In the second photo, a patient is being rushed to the Emergency Department with a condition known as pulseless electrical activity (PEA). The patient is unconscious and does not have a pulse. Therefore, the person is not fully alive—due to the absence of a palpable pulse and effective circulation—but is also not completely dead, as there is measurable electrical activity on the heart monitor. This is a liminal state, although a doctor would not likely use that term. Depending on how many minutes the patient has been in this condition, there may be no brain activity, and the patient is, for all intents and purposes, dead. Yet their heart is still beating faintly. If the patient’s heart were restored to normal function, the brain would likely remain in a state of deterioration because the cells in the brain cannot repair themselves, and the patient might very well be declared dead while still having a heart beat.

More

Examples of liminal spaces would be the distance (3,900 miles) Columbus traveled across the ocean from Palos de la Frontera in Southwest Spain to San Salvador in the Bahamas. This was a transition from the Old World to the New World. A newborn baby crosses through a liminal space of only five inches as it passes from the womb through the vaginal canal at birth. The transition is from a dependent fetus to a viable infant.

It is also possible (though unusual) to apply the notion of liminality to time rather than distance. Think of a total eclipse of the sun: at one point, the far edge of the sun is pierced by a tiny shadow which, over time, covers the entire face of the sun. This marks the transition from a normal state to a point where the sun disappears in the sky.

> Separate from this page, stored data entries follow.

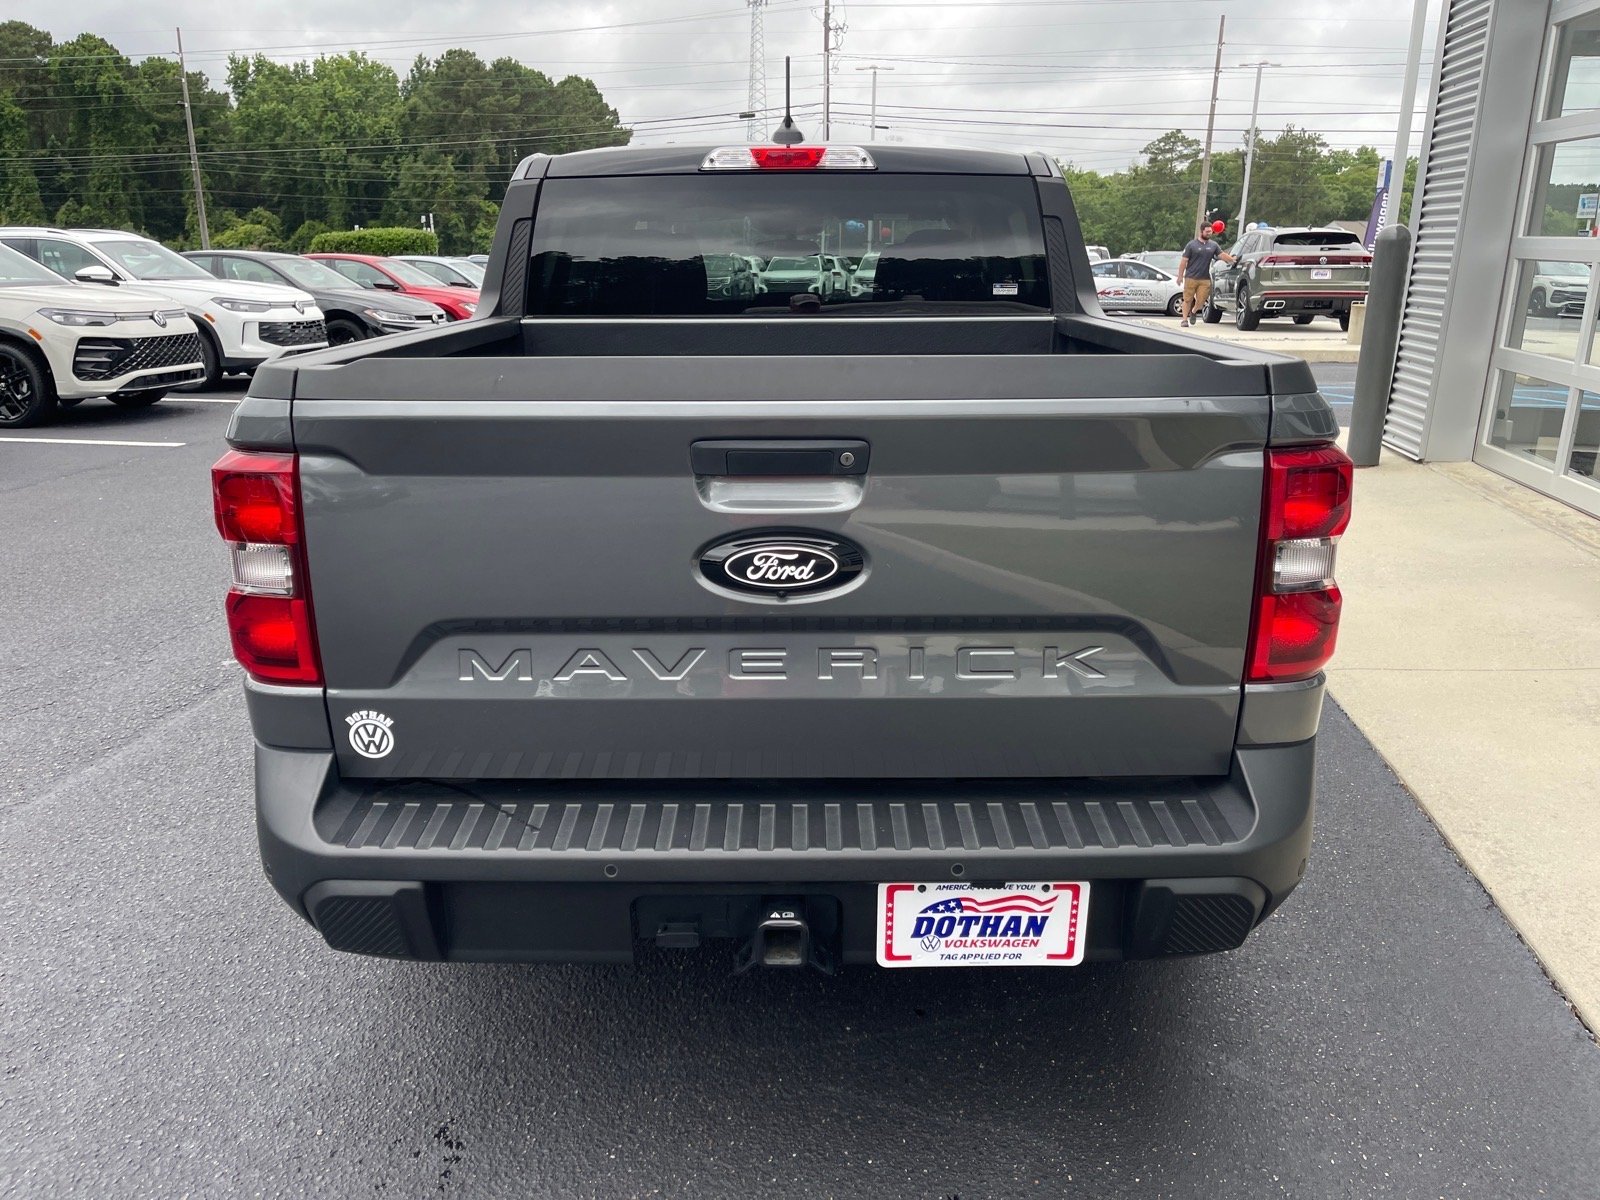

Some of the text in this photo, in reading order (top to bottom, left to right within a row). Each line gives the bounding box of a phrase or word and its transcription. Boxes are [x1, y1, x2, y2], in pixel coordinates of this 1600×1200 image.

[746, 552, 816, 580] Ford
[457, 646, 1107, 681] MAVERICK
[344, 710, 394, 728] DOTHAN
[910, 915, 1049, 938] DOTHAN
[944, 939, 1039, 948] VOLKSWAGEN
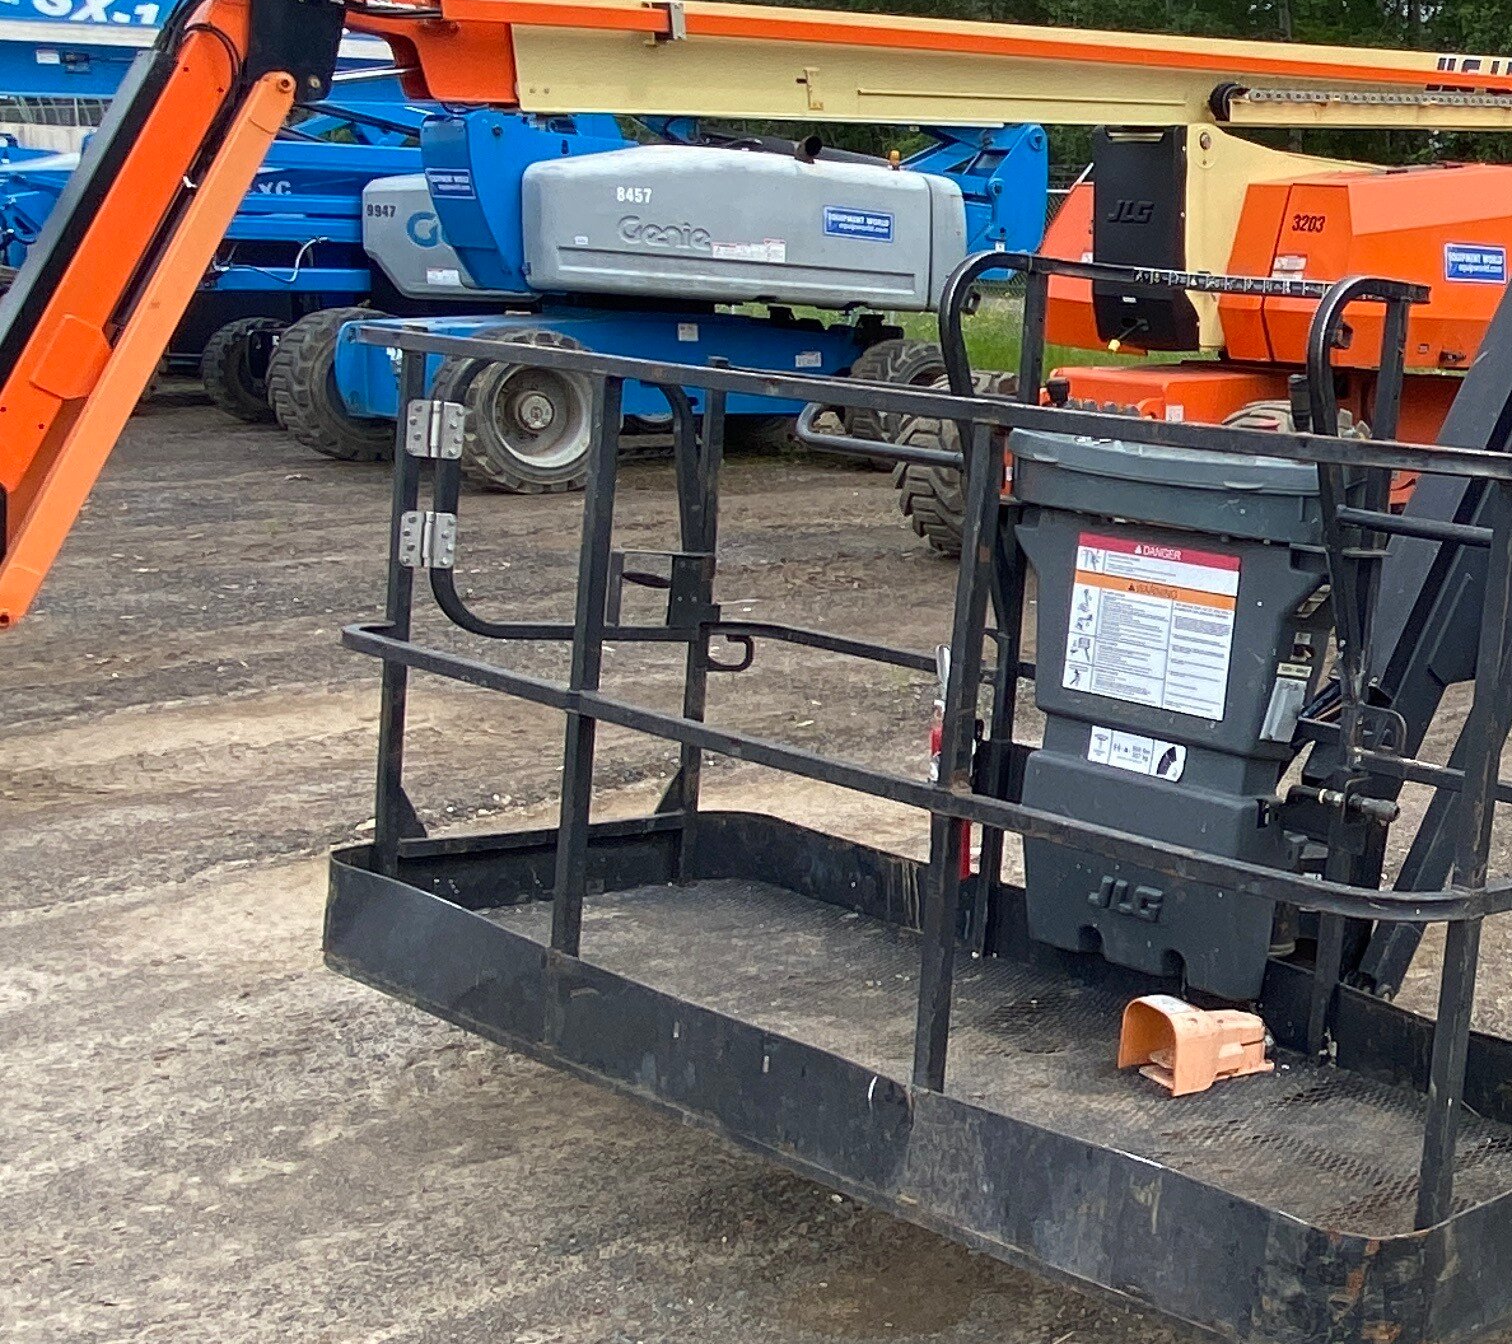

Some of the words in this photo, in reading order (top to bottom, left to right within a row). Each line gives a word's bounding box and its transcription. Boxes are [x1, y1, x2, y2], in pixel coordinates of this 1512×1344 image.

[616, 186, 652, 204] 8457
[366, 204, 396, 218] 9947
[1107, 199, 1154, 224] JLG
[617, 214, 712, 251] Genie
[1292, 213, 1326, 233] 3203
[1143, 545, 1181, 561] DANGER
[1088, 875, 1163, 923] JLG
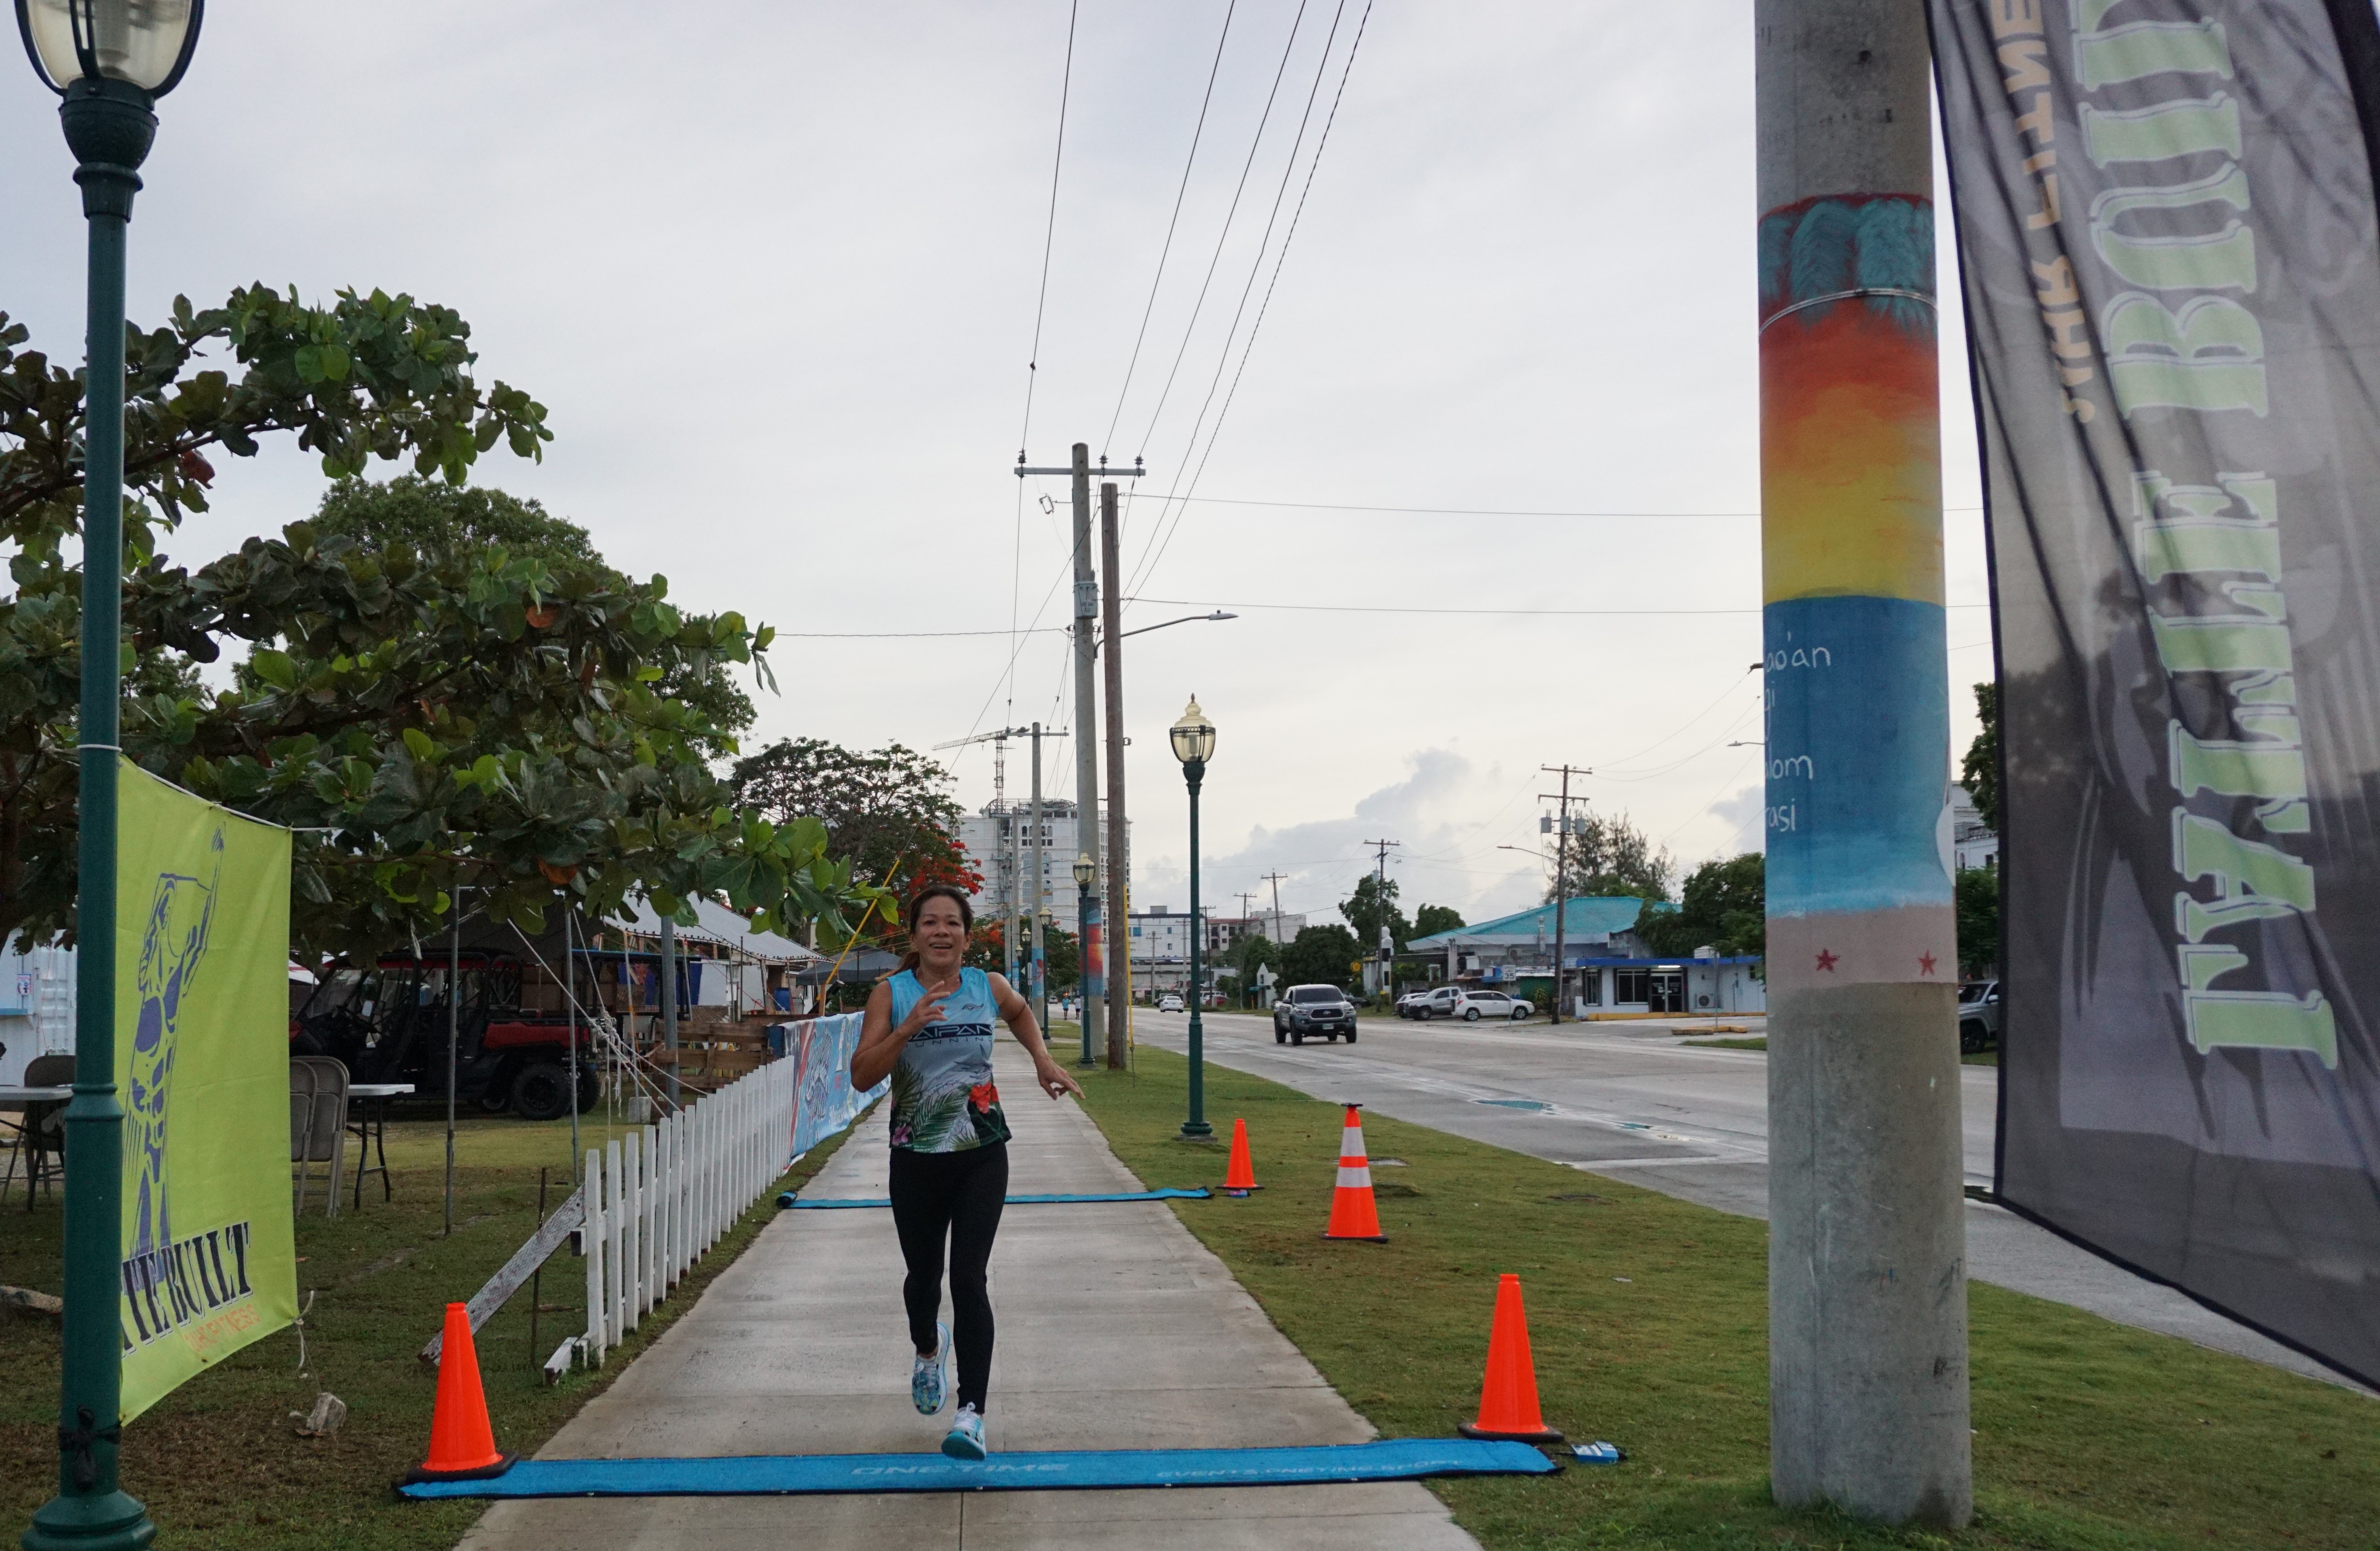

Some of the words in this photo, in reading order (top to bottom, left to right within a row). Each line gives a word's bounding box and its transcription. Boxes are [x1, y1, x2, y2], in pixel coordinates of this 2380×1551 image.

[908, 1025, 992, 1040] AIPAN
[906, 1036, 992, 1048] UNNING
[161, 1221, 253, 1328] BUILT

I have some acquaintances at the moment whom I knew while they were in good health who are now dying of cancer. Their transition is a painful one. Yet, is pain always bad? The military once had an ad in magazines that read, “Pain is weakness leaving the body.” It is difficult to argue that exercise and toning your muscles are bad. In fact, in almost every case, they are good. Yet, the cost of this improvement can be measured in pain as muscles stretch and tissue breaks down, releasing chemicals into the body before the muscles bounce back in better shape than before.

Not every liminal transition is the same. Columbus was absolutely certain that the world was round and that eventually he would return to Spain by sailing away from it. True, he did not know when he would find land, and without knowing the circumference of the planet, he could not be sure he had enough provisions for the trip, but he had no doubt there would be a happy ending.

Consider that five or seven centuries before Columbus, there were seamen who believed with equal assurance that the world was flat, meaning they would fall off into oblivion if they traveled too far. There were also monsters and dragons that they feared; even Columbus could not discount the possibility of monsters in his day. So, there is an uncertainty— even a disorientation mixed with fear—once a point is reached.

Elsewhere on this blog, I write of vision quests that involve liminal growth in terms of rites of passage or personal or spiritual maturation.

ICE detaining a demonstrator
Nations have liminal spaces as well. The U.S. is currently “. . .in the process of the second American Revolution, which will remain bloodless ― if the left allows it to be. . .” according to Kevin Roberts, President of the ultra-conservative Heritage Foundation. At the moment, people of color who claim persecution are being deported across the country because they are refused residency while white South Africans are being fêted. People from other countries can purchase a fast track to citizenship for the sum of one million dollars. They can purchase an EB-5 Immigrant Investor Program card known as the Golden Visa. Photo credit: Majority World CIC (Alamy).

Liminal experiences are not to be feared.  They should be cautiously explored, even as toddlers explore the nooks and crannies of their home.  Yes, dangers are present.  A small child may swallow something that poses a choking hazard, or fall down the basement steps, so we want to prepare for whatever contingencies may occur.  But exploring beyond our boundaries is part of normal growth and development and it should be embraced.